Setback to US Standing
Bush’s Persian Gulf tour has suffered erosion from various quarters. ElBaradei’s visit to Tehran virtually pre-empted any attempt by Bush to stoke the fires of the Iran nuclear issue. Ahmadinejad chose the exact median point of Bush’s regional tour to send a communication to the heads of the six Gulf Cooperation Countries (GCC — Bahrain, Kuwait, Oman, Qatar, Saudi Arabia and the United Arab Emirates) states recalling his proposal at the Doha summit of the regional body on December 2.
This was to the effect that the security of the region is best addressed via greater political, security, economic and cultural cooperation between Iran and those countries. Ahmadinejad exhorted the GCC to hold more such meetings with Iran, while he assured his Arab counterparts of Iran’s cooperation.
But the proverbial last nail on the coffin of American credibility in Arab opinion would have been the sensational report appearing in the Sunday Times on January 13, quoting Iraqi government sources, that the head of the IRGC, Major General Mohammed Ali Jafari, had slipped into the so-called Green Zone of Baghdad last month. Jafari apparently passed through checkpoints on his way to the fortified enclave that contains the American Embassy, even though he is on Washington’s “most wanted” list.
Arab regimes will be wondering what Washington is really up to by holding secret talks with a high-ranking Iranian official while Bush makes incessant demands that they must confront Iran. Besides, only a few months ago, the Bush administration declared the IRGC as a “foreign terrorist organization” and imposed sanctions on it. It is immaterial whether the Sunday Times report turns out to be substantiated or not. Either way, US standing in the region suffers.

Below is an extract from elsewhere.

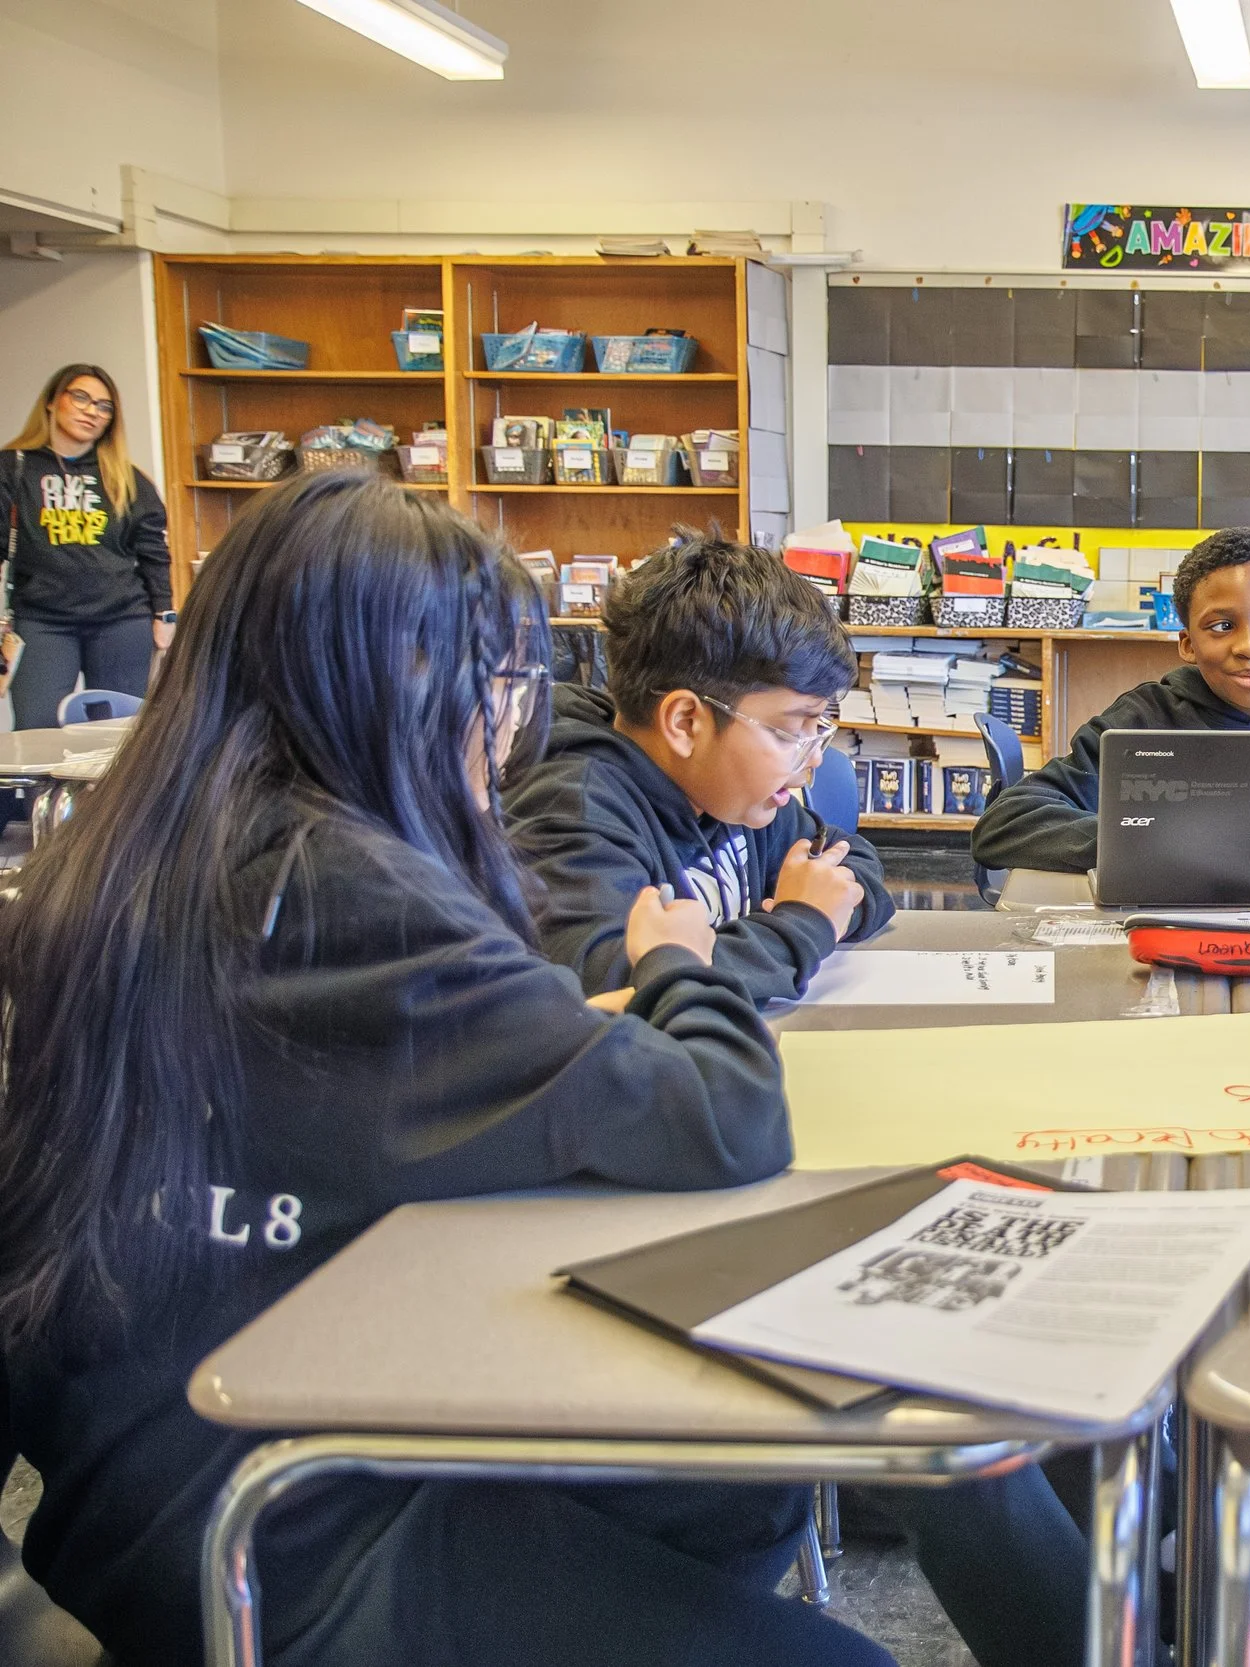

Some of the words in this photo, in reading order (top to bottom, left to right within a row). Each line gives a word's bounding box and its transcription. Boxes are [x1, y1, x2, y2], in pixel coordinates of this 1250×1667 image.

[1120, 780, 1189, 801] NYC
[1120, 817, 1155, 827] acer
[1016, 1130, 1195, 1152] Penalty

In the Arab world, perceptions matter the most, and nothing hurts more than being made to look foolish. The Filipino Monkey and Jafari have caused havoc on US standing in the Persian Gulf. Washington looks foolish. The Arabs have assessed that the right thing to do is to bide their time until a new president moves into the White House — which is also what Tehran’s substitute Friday prayer leader Khatami advised them to do.
Note
1. The agreement ElBaradei carried away with him from Tehran on January 13 deals with two issues. One relates to so-called military-linked studies. These include indications that Iran was examining how to convert uranium dioxide into a semi-refined product called UF4, which can be refined further into gas suitable for an enrichment cascade; and among other things, that Iran was studying designs for missile re-entry vehicles.
The second issue relates to radioactive contamination found at an Iranian technical university. The IAEA wants to know how this uranium contamination got there, and it wants access to the individuals working at the university, as well as to the equipment that was used.
These two areas that Iran has agreed to explain within a month are the remaining unanswered questions on a “work plan” formulated by the IAEA last year, and endorsed by the agency’s Board of Governors on November 15, 2007. — Radio Free Europe
M K Bhadrakumar served as a career diplomat in the Indian Foreign Service for over 29 years, with postings including India’s ambassador to Uzbekistan (1995-1998) and to Turkey (1998-2001).